Then he began to go forward; but Discretion, Piety, Charity, and Prudence

   would accompany him down to the foot of the hill. So they went on together,

   reiterating their former discourses, till they came to go down the hill.

   Then said Christian, As it was difficult coming up, so, so far as I can see,

   it is dangerous going down. Yes, said Prudence, so it is; for it is a hard

   matter for a man to go down into the valley of Humiliation, as thou art now,

   and to catch no slip by the way; therefore, said they, we are come out to

   accompany thee down the hill. So he began to go down, but very warily; yet

   he caught a slip or two.


   Then I saw in my dream, that these good companions, when Christian was got

   down to the bottom of the hill, gave him a loaf of bread, a bottle of wine,

   and a cluster of raisins; and then he went on his way,



   “Whilst Christian is among his godly friends,


   Their golden mouths make him sufficient mends


   For all his griefs; and when they let him go,


   He’s clad with northern steel from top to toe.”


   But now, in this valley of Humiliation, poor Christian was hard put to it;

   for he had gone but a little way before he espied a foul fiend coming over

   the field to meet him: his name is Apollyon.
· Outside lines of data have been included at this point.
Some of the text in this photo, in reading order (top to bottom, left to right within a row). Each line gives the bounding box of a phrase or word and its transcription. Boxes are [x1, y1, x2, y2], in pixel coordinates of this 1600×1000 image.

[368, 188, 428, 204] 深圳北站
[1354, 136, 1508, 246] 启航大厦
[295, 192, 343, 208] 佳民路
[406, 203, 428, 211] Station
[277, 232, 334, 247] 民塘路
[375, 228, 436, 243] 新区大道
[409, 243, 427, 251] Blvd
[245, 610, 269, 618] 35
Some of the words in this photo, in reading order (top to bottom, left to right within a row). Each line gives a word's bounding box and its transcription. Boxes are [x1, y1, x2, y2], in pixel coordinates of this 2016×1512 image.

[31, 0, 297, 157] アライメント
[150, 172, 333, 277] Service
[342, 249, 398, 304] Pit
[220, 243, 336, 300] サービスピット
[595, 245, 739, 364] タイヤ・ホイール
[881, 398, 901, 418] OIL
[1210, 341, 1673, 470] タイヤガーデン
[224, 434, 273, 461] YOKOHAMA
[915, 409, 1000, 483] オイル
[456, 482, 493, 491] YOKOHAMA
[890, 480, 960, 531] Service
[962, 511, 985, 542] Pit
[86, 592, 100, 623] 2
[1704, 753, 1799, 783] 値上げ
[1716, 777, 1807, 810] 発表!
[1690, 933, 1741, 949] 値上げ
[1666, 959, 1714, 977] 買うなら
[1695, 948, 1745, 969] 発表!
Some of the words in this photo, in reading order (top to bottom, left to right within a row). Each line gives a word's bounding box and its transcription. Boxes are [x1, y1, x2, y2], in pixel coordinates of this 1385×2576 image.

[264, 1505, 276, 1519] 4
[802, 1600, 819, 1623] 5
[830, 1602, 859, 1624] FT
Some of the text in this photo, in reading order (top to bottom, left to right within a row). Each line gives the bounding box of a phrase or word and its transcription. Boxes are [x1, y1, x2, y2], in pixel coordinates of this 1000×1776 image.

Then did Christian begin to be

   afraid, and to cast in his mind whether to go back, or to stand his ground.

   But he considered again, that he had no armor for his back, and therefore

   thought that to turn the back to him might give him greater advantage with

   ease to pierce him with his darts; therefore he resolved to venture and

   stand his ground: for, thought he, had I no more in mine eye than the saving

   of my life, it would be the best way to stand.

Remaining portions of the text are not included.